Wednesday, 25 January 2017

Rights

Rights
Over the past little while, we have been hearing a lot about rights: the right to live somewhere, the right to a democracy, the right to clean water, the right to do what you want with your own body, women’s rights, men’s rights, children’s rights. The list goes on.

So I thought I would devote some time to this subject. I enjoy a number of these rights; I get to choose my own government, and occasionally the form of it. I get to drink clean water, eat clean food. I’m reasonably sure, without checking, that I enjoy all of the rights outlined by the United Nations.

What, however, gives me these rights? Well, the UN would argue that I obtain these rights merely by being born. But what gave me the right to be born? Honestly, I am not sure that there is an answer to this particular question, but born I was, and here I am now, exercising another of my rights, that of free speech. Now this one I think is probably one of the most misunderstood and widely abused rights that we have.

It’s an interesting one, the right to free speech. It is largely cited by those protesting something, those who are unhappy with the status quo or the injustices they perceive that the current rules or laws or system have against them. What is notable about such people is that they often have no allowance for others to enact their same right to free speech if it is opposing the former thought.

And this gets to the heart of what it is that I wish to speak of this evening. The primary problem with rights is that they assume you are given something without needing to give anything back. But the problem with that theory is that all things must come from somewhere. If I have a right to speak, it implies that you must be silent; if I have a right to clean water, it means that someone must clean it for me; if I have a right to an internet connection (it’s a thing, check it out here), then someone must provide it for me.
What I mean to say by all this is that rights are not ours without cost. While the UN may say I have a right to this or that and the founding document of the country I live in may say I have rights to other things, and that these rights are free for me, they ultimately must cost someone something at some point. Now, with this in mind, I think you can take the position that to give a right to one person you must take a right from someone else, in one form or another.

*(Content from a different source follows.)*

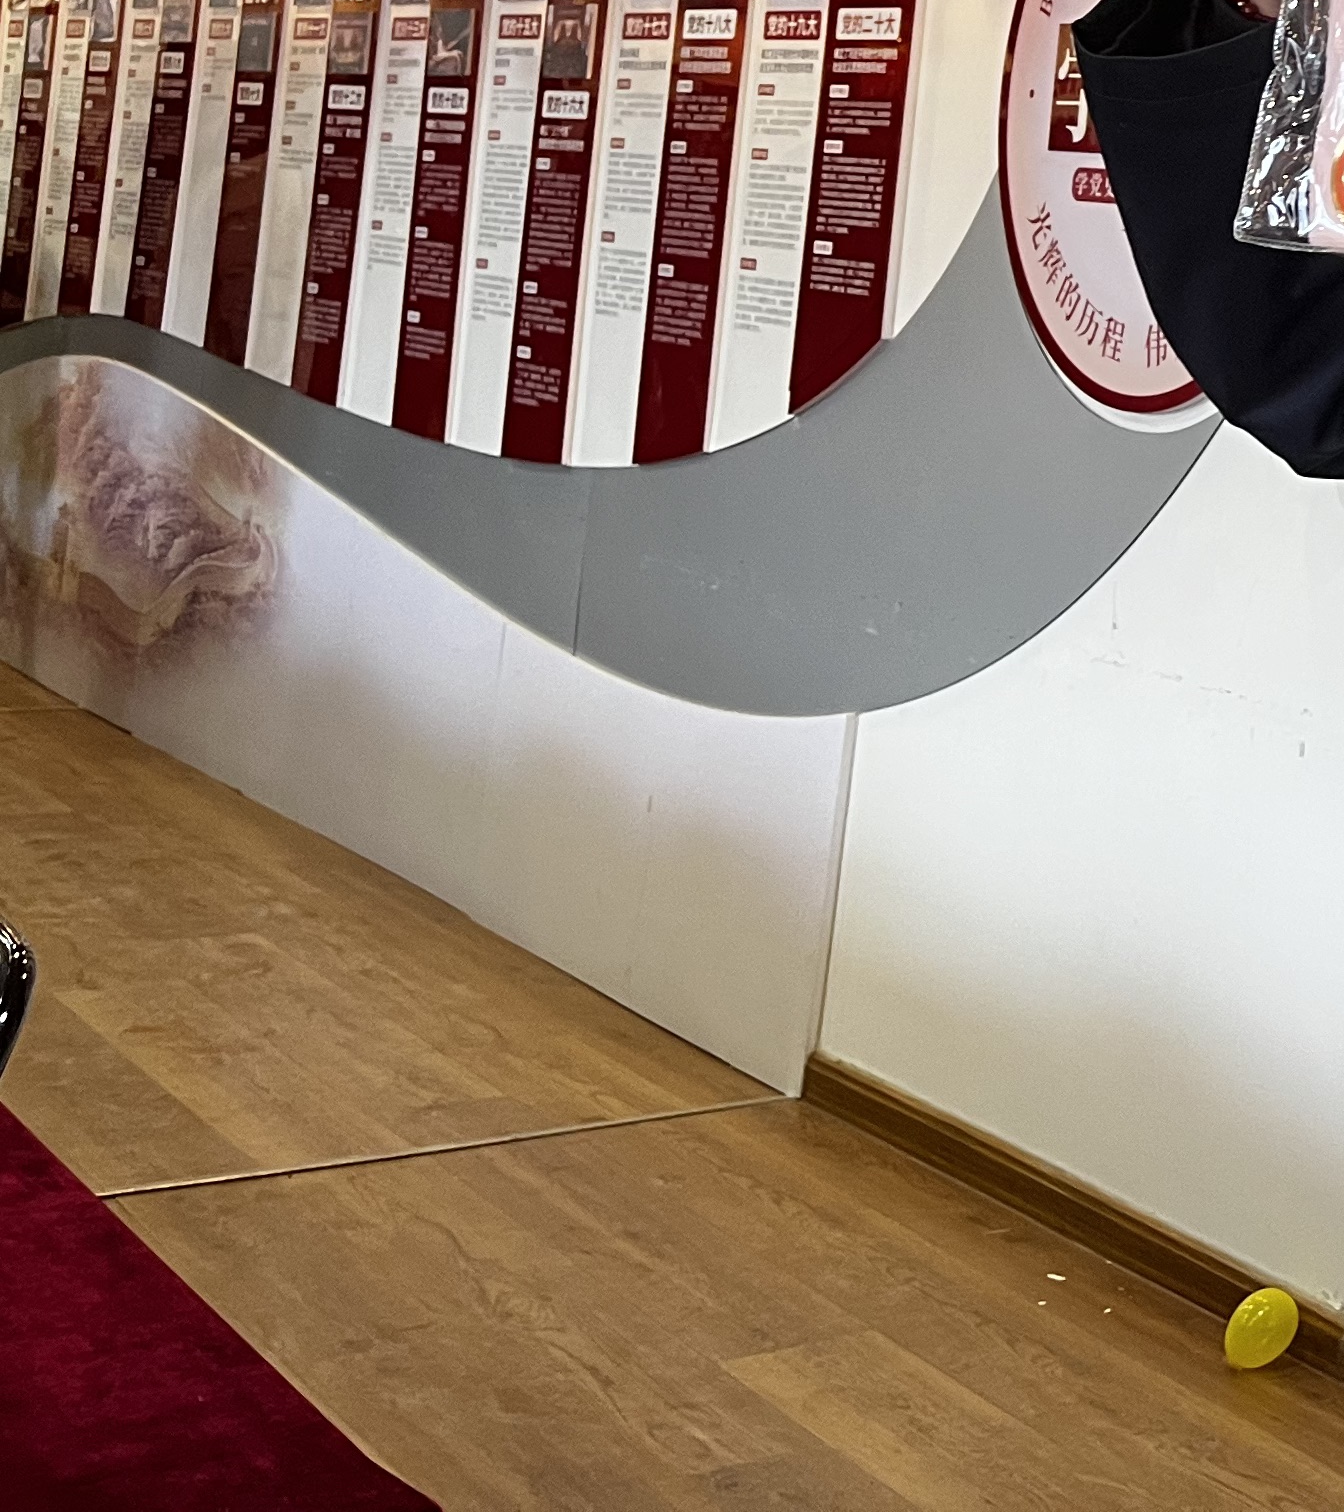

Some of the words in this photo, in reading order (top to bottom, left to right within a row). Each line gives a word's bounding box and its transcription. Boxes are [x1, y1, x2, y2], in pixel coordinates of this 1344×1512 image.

I realise that this will be an unpopular thought for some, but what I am trying to do here is not to strip rights or belittle them, but merely to get the thought process moving. To think about what we take for granted, to question not necessarily the system, laws or rules, but what we demand from them.

Think about what it costs to enact the rights for some trumpet to sound as loud as it pleases and in doing so show great disregard for every other trumpet that may wish to use that same right. For example, I have a right to clean water, but if I open a fire hydrant and drain the mains supply, others may take offence at their sudden inability to take a shower. All I am doing, however, for the purpose of the argument, is exercising my right to clean water.

Who is in the right in this case? Have I denied others their right by claiming my own? Can you allow me my rights at the expense of yours? How far would you go to protect my rights? At what point do you start to claim your rights over mine? What can be done and whose right is more right?

That’s what it comes down to in the end. When the chips are down, when what I want, and am guaranteed, impinges on what you want, where are you going to side?